WORK TASK: Each entry should be given again exactly, with any image left out.

Images for object localization:
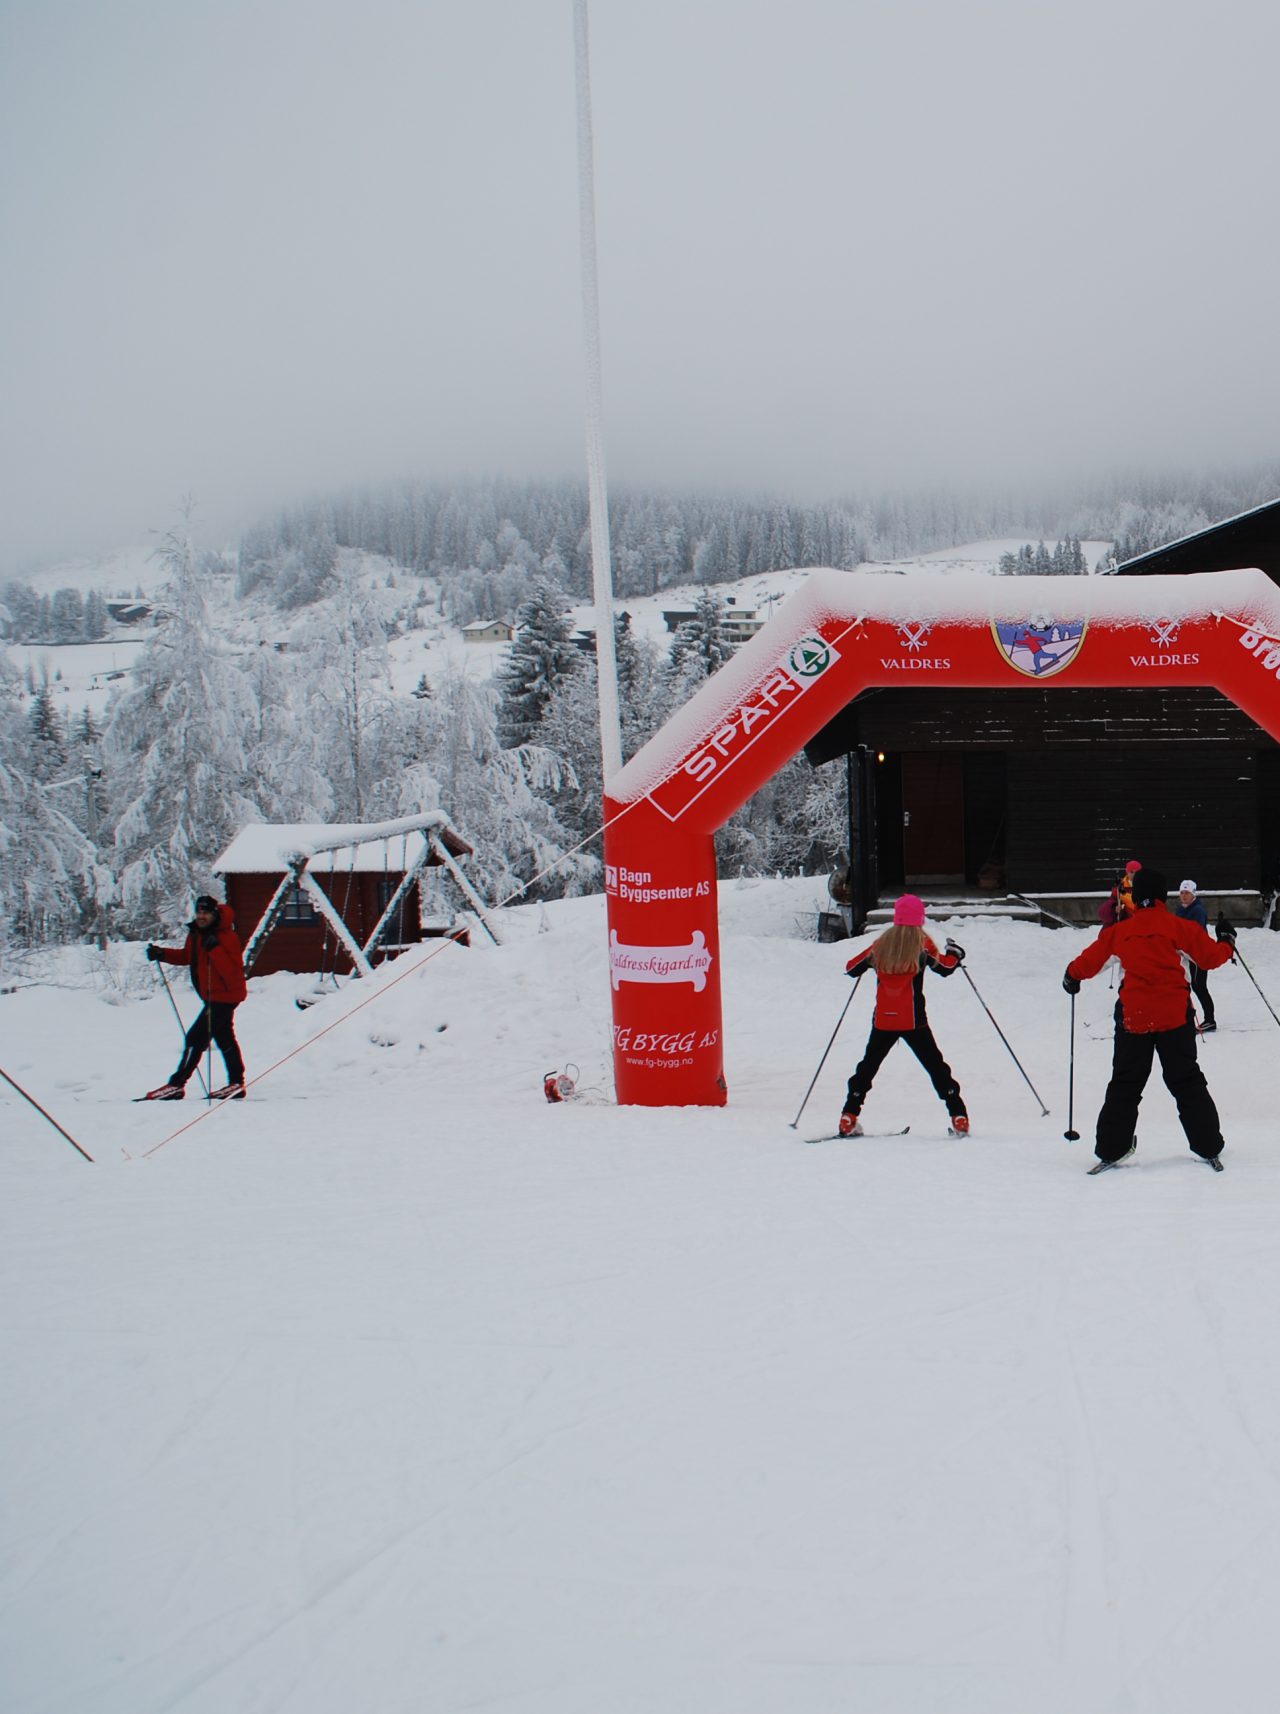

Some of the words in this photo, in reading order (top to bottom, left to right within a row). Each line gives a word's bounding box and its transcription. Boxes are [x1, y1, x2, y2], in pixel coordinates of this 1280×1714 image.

[880, 658, 951, 669] VALDRES
[1129, 653, 1200, 667] VALDRES
[684, 673, 795, 782] SPAR
[619, 866, 651, 886] Bagn
[619, 883, 693, 903] Byggsenter
[695, 881, 710, 896] AS
[632, 1031, 697, 1054] BYGG
[698, 1029, 719, 1048] AS
[625, 1057, 694, 1068] www.fg-bygg.no
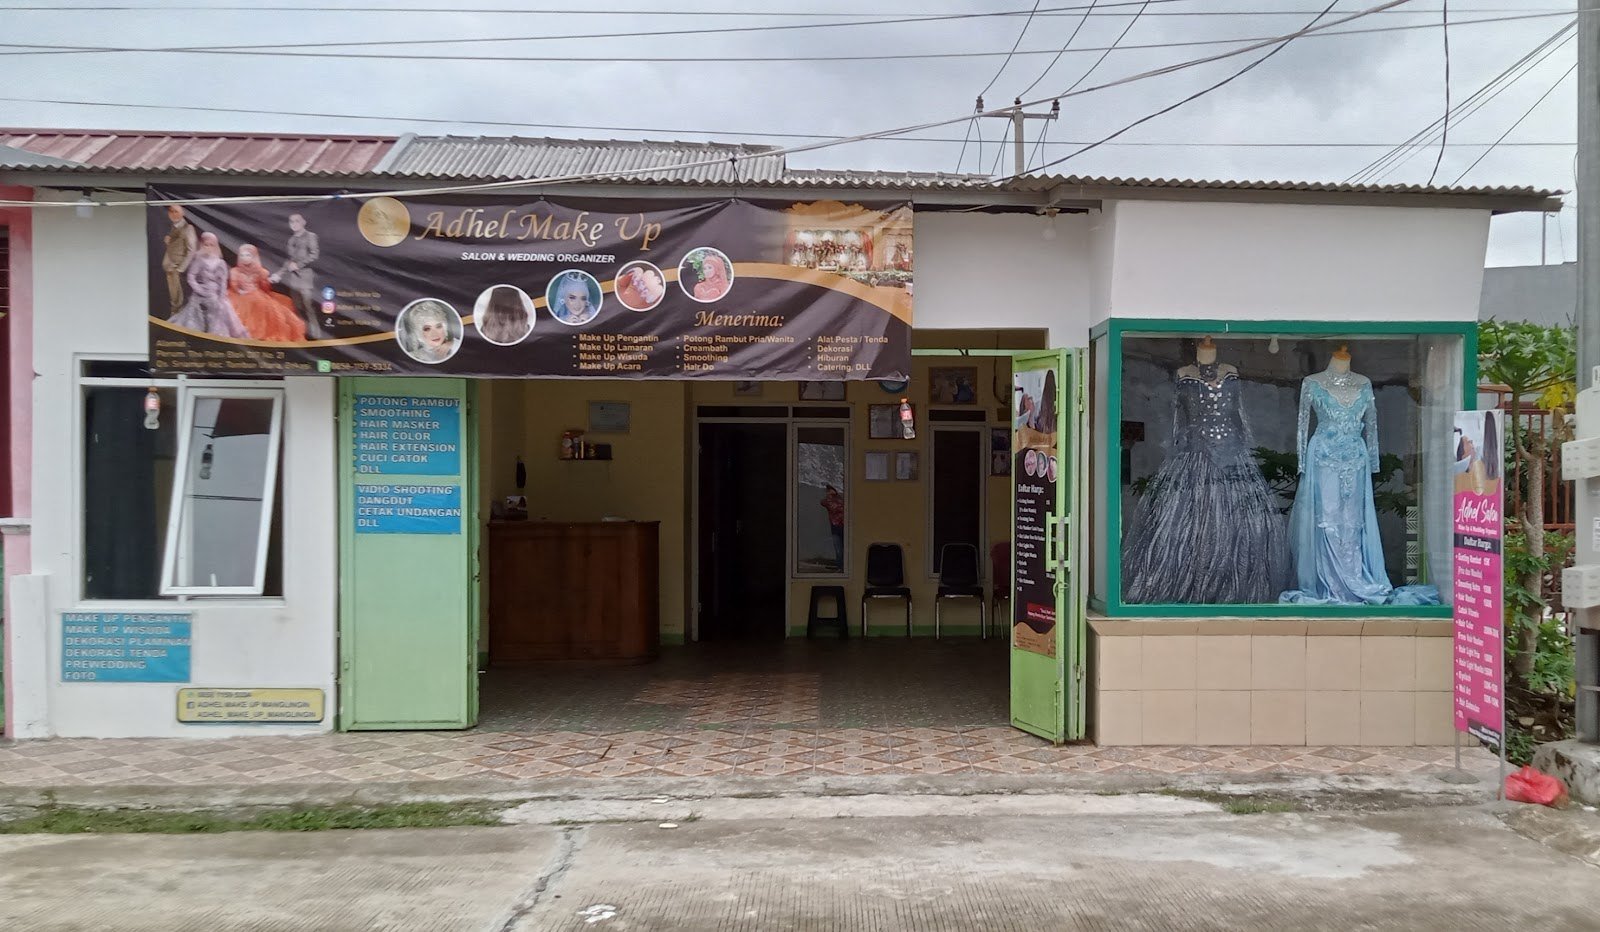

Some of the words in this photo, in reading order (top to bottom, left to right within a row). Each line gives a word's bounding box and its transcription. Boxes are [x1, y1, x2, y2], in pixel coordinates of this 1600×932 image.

FINISHED EXERCISE:
Some of the words in this photo, in reading order (top to bottom, left to right within a row). Each line gives a word's bounding box and its transcription. Boxes are [x1, y1, x2, y2], in pixel coordinates of this 1280×1714 image.

[880, 658, 951, 669] VALDRES
[1129, 653, 1200, 667] VALDRES
[684, 673, 795, 782] SPAR
[619, 866, 651, 886] Bagn
[619, 883, 693, 903] Byggsenter
[695, 881, 710, 896] AS
[632, 1031, 697, 1054] BYGG
[698, 1029, 719, 1048] AS
[625, 1057, 694, 1068] www.fg-bygg.no

Some of the words in this photo, in reading order (top to bottom, left to right within a row). Each line gives a word's bounding box and its transcription. Boxes are [x1, y1, x2, y2], in pixel coordinates of this 1600×932 image.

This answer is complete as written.